→ **EXERCISE BRIEF**
Could you write out the records below exactly as they appear, leaving out any pictures?

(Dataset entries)
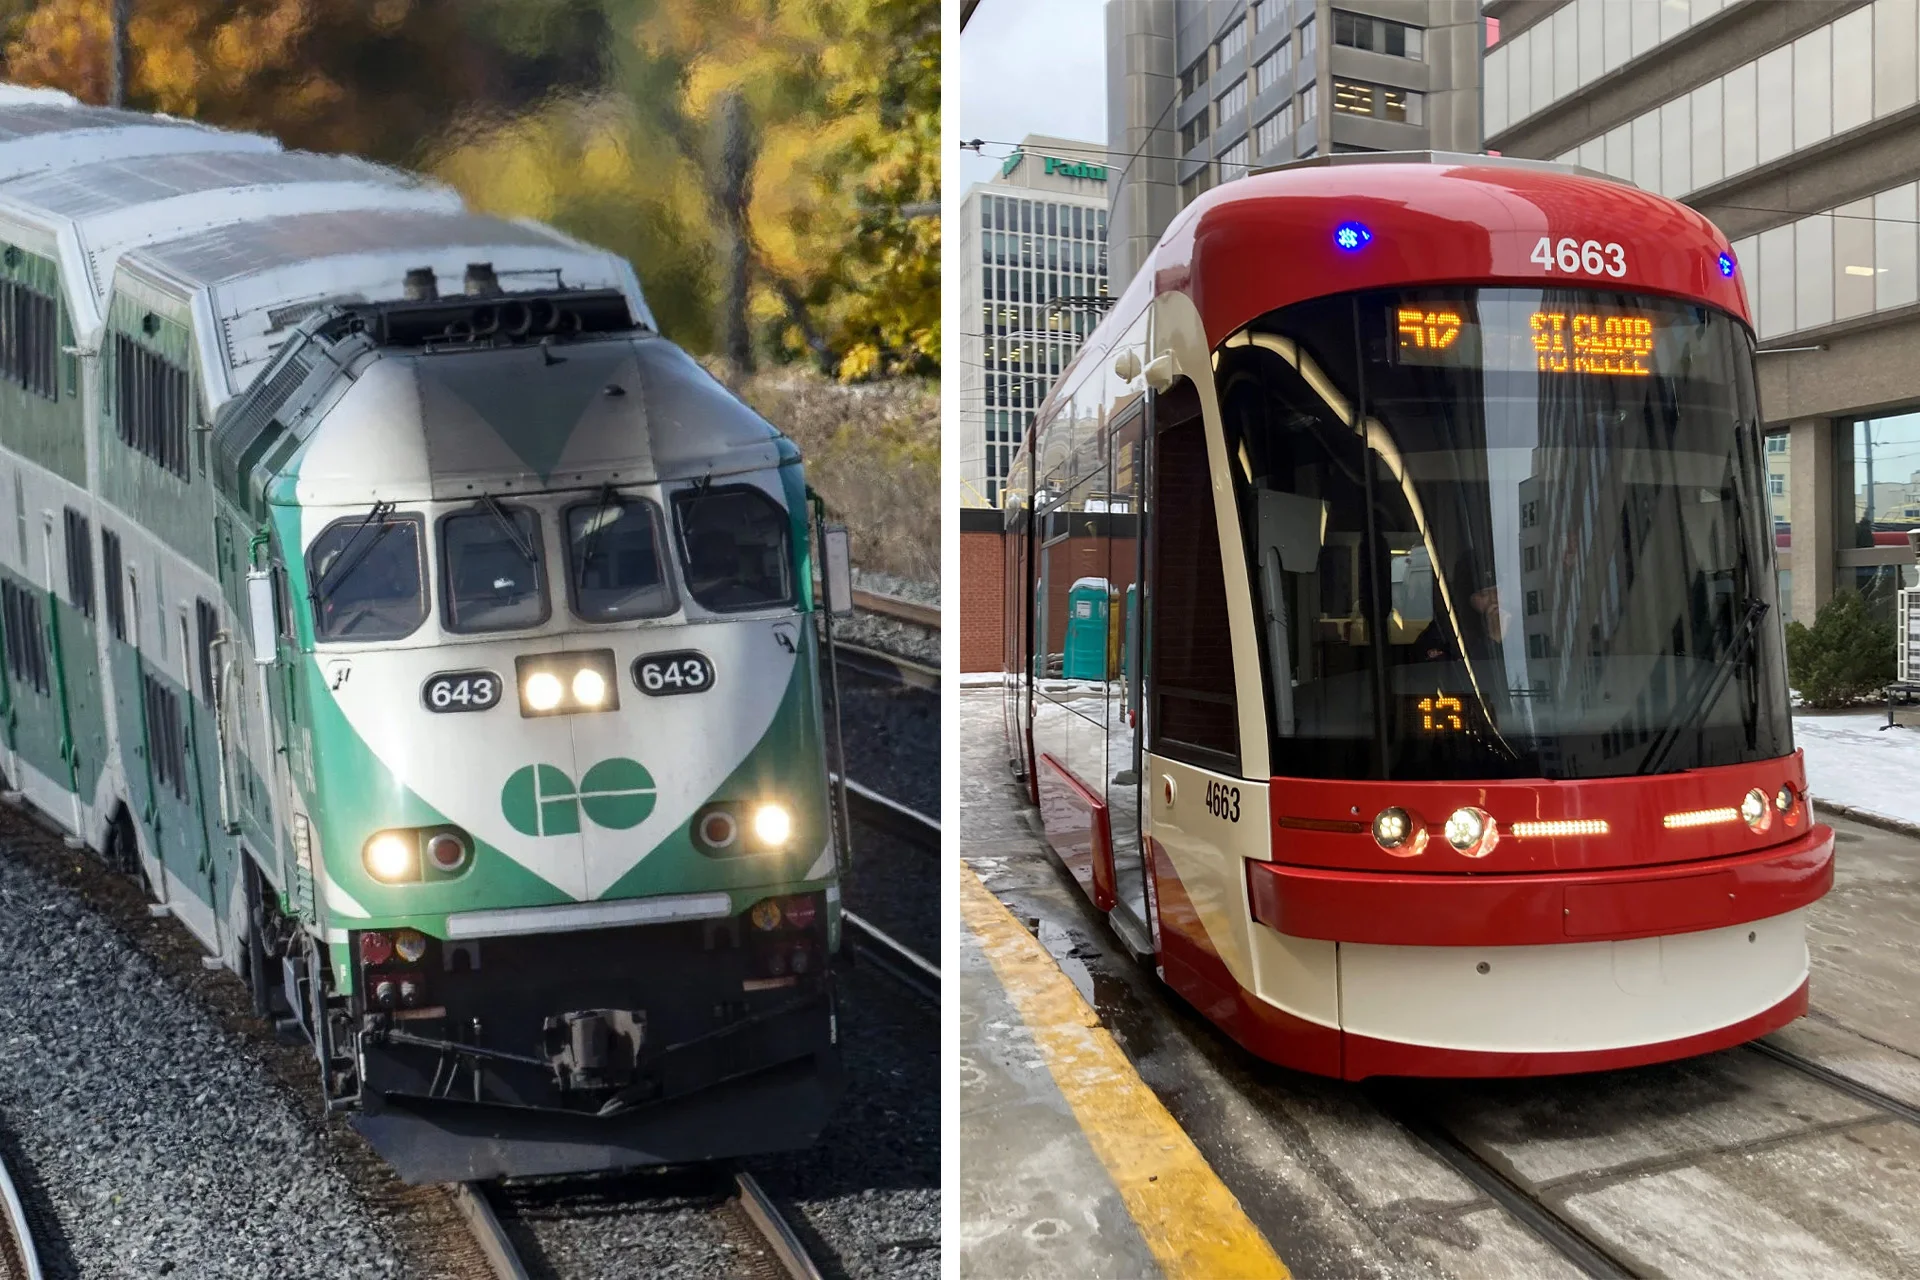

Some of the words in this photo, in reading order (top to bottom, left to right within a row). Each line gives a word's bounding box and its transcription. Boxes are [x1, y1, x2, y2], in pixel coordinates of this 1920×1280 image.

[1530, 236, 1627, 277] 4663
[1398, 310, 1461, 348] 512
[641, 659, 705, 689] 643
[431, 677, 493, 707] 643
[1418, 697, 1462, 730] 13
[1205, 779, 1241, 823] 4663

→ **RESPONSE**
Some of the words in this photo, in reading order (top to bottom, left to right within a row). Each line gives a word's bounding box and its transcription. Boxes are [x1, y1, x2, y2], in pixel coordinates of this 1920×1280 image.

[1530, 236, 1627, 277] 4663
[1398, 310, 1461, 348] 512
[641, 659, 705, 689] 643
[431, 677, 493, 707] 643
[1418, 697, 1462, 730] 13
[1205, 779, 1241, 823] 4663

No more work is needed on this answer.